Forest Stand Improvement
What and Why
There are many ways to improve a woodlot. Several options and goals that might be considered include wildlife, timber, recreation, watershed protection and multiple use. Which of these you decide to place the most emphasis on will determine how you manage your land. The focus here is on improving your woodlot for increased or better timber production.
Managing a woodlot for timber can sometimes seem tricky and confusing. We tend to treat woodlots as if they and their management are something mystical. Simply stated, a woodlot is like a garden in that it must be weeded and thinned periodically to attain its fullest potential and produce high quality timber in the shortest possible time.
One of the ways to reach this potential is through Forest Stand Improvement (FSI). FSI is not difficult or complicated forestry operation. It can be done by anyone upon the advice and guidance of a forester.

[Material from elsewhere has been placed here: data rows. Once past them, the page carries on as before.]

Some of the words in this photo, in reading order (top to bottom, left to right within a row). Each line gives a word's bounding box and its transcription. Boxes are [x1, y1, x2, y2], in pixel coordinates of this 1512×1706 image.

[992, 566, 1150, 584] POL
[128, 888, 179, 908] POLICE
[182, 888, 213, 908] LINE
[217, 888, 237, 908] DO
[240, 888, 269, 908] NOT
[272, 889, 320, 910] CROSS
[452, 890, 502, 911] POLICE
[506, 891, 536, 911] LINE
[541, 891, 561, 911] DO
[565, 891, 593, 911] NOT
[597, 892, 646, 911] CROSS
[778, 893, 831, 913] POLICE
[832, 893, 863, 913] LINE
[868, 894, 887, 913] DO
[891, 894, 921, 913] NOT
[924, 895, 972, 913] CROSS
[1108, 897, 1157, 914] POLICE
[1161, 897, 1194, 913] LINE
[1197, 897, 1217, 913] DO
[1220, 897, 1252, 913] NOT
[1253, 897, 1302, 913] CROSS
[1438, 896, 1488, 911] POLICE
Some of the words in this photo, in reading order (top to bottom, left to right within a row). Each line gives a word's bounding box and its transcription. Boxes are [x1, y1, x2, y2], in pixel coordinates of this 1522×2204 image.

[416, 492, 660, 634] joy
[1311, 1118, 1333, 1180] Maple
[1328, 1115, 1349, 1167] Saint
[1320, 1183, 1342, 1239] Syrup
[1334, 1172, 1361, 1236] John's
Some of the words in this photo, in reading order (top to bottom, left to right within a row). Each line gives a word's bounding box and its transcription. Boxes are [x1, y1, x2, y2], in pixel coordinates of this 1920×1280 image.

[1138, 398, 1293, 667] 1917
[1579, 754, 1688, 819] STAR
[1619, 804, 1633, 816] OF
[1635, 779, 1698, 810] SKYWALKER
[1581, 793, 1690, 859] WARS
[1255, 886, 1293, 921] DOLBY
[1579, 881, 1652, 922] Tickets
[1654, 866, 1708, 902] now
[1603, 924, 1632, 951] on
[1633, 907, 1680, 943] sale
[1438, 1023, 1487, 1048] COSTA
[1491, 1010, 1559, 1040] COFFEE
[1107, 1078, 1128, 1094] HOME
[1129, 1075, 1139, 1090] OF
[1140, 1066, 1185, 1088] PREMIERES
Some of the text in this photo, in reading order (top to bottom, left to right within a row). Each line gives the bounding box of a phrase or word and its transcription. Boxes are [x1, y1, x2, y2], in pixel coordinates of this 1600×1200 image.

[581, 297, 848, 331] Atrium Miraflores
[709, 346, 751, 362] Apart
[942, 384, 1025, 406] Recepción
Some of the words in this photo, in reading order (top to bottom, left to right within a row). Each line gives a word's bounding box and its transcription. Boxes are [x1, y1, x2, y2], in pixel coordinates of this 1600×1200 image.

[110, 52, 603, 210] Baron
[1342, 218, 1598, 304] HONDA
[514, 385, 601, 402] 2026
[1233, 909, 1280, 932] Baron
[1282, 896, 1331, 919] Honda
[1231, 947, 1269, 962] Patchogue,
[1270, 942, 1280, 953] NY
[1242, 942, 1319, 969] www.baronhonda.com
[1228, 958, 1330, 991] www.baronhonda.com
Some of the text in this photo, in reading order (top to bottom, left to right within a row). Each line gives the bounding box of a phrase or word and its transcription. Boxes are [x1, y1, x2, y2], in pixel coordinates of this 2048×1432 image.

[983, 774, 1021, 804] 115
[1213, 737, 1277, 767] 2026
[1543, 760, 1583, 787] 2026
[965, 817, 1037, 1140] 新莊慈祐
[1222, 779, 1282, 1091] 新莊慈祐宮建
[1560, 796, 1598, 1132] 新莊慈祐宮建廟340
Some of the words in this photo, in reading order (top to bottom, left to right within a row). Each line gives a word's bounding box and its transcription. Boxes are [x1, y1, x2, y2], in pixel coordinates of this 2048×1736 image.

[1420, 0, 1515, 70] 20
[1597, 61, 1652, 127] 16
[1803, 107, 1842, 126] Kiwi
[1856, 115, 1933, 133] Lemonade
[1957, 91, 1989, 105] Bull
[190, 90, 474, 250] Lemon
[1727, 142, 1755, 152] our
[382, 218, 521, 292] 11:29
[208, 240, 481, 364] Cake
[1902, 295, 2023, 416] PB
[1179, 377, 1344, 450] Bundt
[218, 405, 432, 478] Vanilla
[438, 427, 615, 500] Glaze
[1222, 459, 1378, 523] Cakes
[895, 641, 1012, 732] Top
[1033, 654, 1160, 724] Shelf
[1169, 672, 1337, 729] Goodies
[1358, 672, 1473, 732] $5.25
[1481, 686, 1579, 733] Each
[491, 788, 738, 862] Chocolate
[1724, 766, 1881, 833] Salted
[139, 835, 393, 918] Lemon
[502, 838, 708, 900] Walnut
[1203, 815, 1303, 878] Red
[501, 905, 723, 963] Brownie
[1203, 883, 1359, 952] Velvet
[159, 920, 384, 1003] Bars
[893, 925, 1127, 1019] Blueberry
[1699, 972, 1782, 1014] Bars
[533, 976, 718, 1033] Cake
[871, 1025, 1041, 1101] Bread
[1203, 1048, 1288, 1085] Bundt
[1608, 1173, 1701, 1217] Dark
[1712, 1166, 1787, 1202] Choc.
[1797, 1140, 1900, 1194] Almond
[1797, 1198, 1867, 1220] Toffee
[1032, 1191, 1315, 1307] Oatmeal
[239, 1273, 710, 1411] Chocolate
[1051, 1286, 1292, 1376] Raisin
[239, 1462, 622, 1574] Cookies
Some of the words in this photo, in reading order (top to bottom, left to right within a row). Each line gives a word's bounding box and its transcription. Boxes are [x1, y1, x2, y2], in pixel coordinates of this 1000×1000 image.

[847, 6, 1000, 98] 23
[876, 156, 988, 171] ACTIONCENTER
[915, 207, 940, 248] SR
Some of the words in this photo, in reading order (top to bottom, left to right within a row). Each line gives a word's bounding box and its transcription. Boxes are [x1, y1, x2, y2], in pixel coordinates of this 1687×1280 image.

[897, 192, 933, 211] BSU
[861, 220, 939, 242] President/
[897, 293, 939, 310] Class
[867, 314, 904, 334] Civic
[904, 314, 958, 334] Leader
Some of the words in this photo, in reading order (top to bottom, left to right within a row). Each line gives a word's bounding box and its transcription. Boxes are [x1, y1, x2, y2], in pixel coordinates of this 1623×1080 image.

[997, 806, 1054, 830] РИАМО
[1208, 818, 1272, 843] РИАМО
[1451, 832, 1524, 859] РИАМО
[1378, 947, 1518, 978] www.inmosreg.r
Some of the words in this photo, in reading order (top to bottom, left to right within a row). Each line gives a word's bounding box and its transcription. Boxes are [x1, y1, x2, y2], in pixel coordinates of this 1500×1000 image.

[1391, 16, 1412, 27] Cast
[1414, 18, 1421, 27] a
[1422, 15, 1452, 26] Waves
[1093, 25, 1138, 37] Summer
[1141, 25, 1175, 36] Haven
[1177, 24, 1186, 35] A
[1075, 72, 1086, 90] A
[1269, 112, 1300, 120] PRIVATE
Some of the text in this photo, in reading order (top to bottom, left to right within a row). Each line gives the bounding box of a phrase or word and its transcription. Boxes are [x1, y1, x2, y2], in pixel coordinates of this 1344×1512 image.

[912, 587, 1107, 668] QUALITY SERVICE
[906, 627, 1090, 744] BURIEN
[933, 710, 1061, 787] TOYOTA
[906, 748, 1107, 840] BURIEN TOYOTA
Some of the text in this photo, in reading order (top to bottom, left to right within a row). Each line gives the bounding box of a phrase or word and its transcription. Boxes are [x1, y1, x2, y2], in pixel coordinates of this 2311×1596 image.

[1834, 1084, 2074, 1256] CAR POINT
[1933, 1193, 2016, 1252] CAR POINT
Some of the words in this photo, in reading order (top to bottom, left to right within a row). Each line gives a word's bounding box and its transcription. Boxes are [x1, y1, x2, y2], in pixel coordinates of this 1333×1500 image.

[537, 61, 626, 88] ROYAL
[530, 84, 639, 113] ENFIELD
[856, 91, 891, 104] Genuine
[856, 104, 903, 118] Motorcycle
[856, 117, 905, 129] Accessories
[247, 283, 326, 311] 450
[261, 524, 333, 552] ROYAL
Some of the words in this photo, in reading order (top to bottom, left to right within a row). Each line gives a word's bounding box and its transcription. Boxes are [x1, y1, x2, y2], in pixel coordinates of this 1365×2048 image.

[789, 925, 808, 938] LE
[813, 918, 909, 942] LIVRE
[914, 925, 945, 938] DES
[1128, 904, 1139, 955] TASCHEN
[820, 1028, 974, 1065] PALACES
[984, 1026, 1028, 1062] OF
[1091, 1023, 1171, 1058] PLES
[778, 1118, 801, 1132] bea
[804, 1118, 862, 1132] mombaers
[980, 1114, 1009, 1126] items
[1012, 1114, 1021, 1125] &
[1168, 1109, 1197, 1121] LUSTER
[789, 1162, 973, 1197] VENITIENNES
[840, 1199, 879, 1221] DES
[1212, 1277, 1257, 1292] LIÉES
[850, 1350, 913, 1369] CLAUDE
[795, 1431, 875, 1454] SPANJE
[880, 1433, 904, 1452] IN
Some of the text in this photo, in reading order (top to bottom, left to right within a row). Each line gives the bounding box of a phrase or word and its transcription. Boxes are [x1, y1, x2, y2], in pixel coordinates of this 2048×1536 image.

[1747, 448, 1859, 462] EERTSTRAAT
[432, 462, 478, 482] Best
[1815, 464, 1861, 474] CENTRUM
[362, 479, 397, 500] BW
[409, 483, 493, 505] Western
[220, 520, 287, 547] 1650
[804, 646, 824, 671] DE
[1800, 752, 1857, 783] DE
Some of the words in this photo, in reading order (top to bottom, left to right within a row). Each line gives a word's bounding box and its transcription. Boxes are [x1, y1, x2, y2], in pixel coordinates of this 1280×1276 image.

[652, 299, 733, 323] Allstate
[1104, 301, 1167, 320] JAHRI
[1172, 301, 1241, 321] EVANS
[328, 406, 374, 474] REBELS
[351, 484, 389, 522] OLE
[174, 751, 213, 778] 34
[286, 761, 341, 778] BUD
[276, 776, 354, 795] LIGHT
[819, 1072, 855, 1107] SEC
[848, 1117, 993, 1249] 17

The purpose of FSI is to provide the necessary growing space for potential crop trees. When selecting a crop tree several factors should be considered: species, vigor, form crown, development quality of the stem and spacing. Whenever possible. the best trees of the most valued species are selected as crop trees and adjacent trees are removed in order to favor them.
Where, When and How Will FSI Pay?
Any woodlot, natural or planted, will be stimulated by an improvement cutting. You should begin thinning as early as possible to gain the benefits of repeated thinnings. The best time to start thinning a hardwood stand is when the trees average between four and ten inches in diameter at breast height (four and a half feet above the ground). Trees of this size class, commonly referred to as poles, respond rapidly to thinning. Delayed thinning fails to get the immediate growth response which is a primary objective.
This does not mean that stands of larger size trees, averaging 10 to 12 inches, should not be thinned. Such hardwood stands are, however, approaching commercial timber size. In most cases, thinnings can be sold as firewood or pulp.
For natural stands, the selection system is used. This is the selection of crop trees of better species, quality and form; and thinning around them to provide the necessary growing space for the crown. Large, coarse trees with no present or potential value, referred to as Cull or Wolf trees, should be removed as part of the improvement operation. (However, when wildlife is a consideration, some of these trees should be left uncut to provide shelter and food.)
For plantations, one of several systems may be used.
- The Selection System as described above is sometimes applicable. Access lanes may be made by removing entire rows of trees at intervals, or lanes may be cut across rows maintaining a grade to minimize erosion.
- The Row-Thinning System, as the name implies, accomplishes the thinning only by the removal of entire rows. Most common is the removal of every third row, which frees one side of each remaining row.
- The Row-Selection System is a combination of 1 and 2. Usually every 4th, 5th or 6th row is entirely removed and the intervening rows are thinned selectively.
Before doing anything in these stands of larger trees, you should get technical advice and/or assistance from the local service forester or a cooperating forester Here is where the training and experience of the forester comes to your assistance. He or she can tell you which trees to save or to cut. and why. Remember, when you delay the first thinning. you greatly postpone the day for a profitable harvest.
Fuelwood As a Product of Thinnings
Our woodlots have often been mismanaged, over cut, or neglected. Past cutting practices left our woodlands with an overabundance of crooked, diseased and otherwise previously unsaleable trees. Through the demand for firewood, a market for the sale of these trees may be available.
By removing these diseased, deformed or dying trees, you can increase the growth of the more desirable trees that are needed for lumber and veneer while increasing the worth of your woodlot.
In some high-quality stands, the trees to be removed are as high in quality as the crop trees. Although this may be disturbing, remember that most of the trees you are removing will not live to maturity. At some future time, they will be shaded out and die.
Each of the thinning and improvement methods described has its particular merits. A forester's advice should be sought as to the method most suitable in your case. This decision will be based on the age of the stand and possible markets for the timber.
Privately owned woodlots are an important contributor to our forest products economy. We need to increase the production of high quality timber from all our forests if we are to meet future needs for wood and wood products.
Good timber is valuable. Do yourself and your woodlands a favor and take steps now to improve your tree stand.